Kommentar Abhöraffäre/Europa - Misstrauen
BRÜSSEL · Europa steht vor einer Bewährungsprobe. Es geht nämlich nicht mehr nur um die Aktivitäten der US-Geheimdienste. Die Praktiken amerikanischer Internet-Konzerne, die aus geschäftlichen Gründen und auf Druck der NSA Daten europäischer Bürger abgesaugt haben, hinterlässt ein tiefes Misstrauen Richtung Washington.
Noch ist kein Fall bekannt, wo Informationen auch in den Bereich der Wirtschaftsspionage fallen würden.
Dass man aber auch mit dieser Möglichkeit rechnen sollte, liegt auf der Hand. Vor diesem Hintergrund gewinnt das Thema Datenschutz in der Europäischen Union eine Bedeutung, die es vielleicht zuletzt 1987 beim Volkszählungsurteil des Bundesverfassungsgerichtes hatte.
Die EU muss sich deshalb dringend beweisen. Auf die Union richten sich jetzt die Augen der Bürger, die die Freiheit in der Telekommunikation haben wollen, ohne dadurch ihre Privatsphäre riskieren zu müssen.

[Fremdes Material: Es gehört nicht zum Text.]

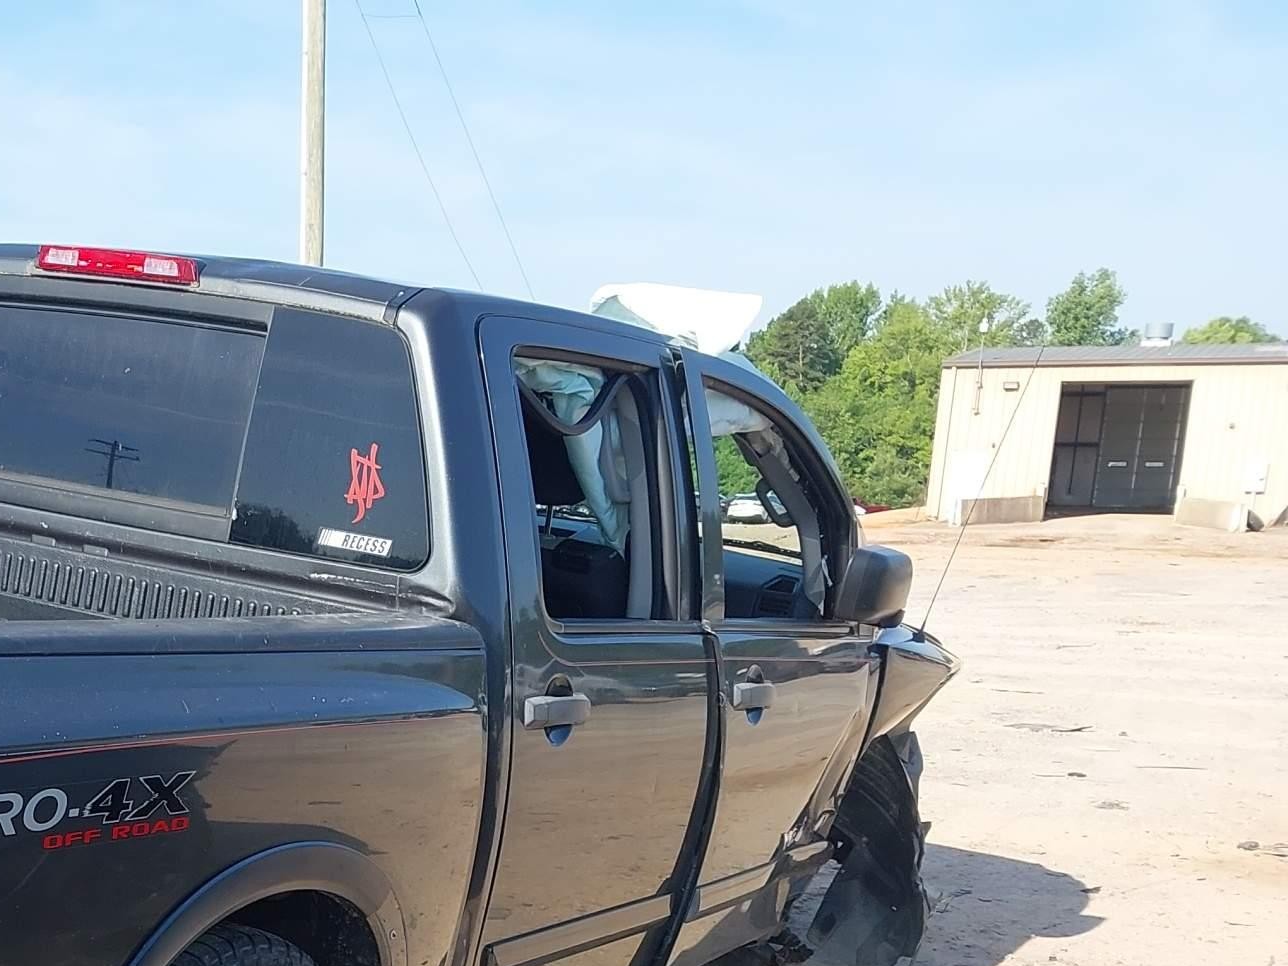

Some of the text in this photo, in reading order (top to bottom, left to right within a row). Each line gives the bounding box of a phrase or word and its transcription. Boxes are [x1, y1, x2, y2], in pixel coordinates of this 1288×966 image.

[341, 533, 388, 555] RECESS
[42, 816, 190, 849] OFF ROAD

Doch Brüssels Rolle ist zwiespältig. Schließlich waren es die EU-Institutionen, die Washington den Zugriff auf Bankdaten, auf Passagier-Informationen, auf weitere Sammlungen über die Bürger erlaubt haben.
Jetzt muss die EU zurückrudern, sie muss klar sagen, wo sie steht und ob sie wirklich alles mitmachen will, was die USA im Sinne eines falsch verstandenen Kampfes gegen den Terror erlauben.
Vor diesem Hintergrund hat dieser EU-Gipfel unerwartet eine fast schon dramatische Wende genommen.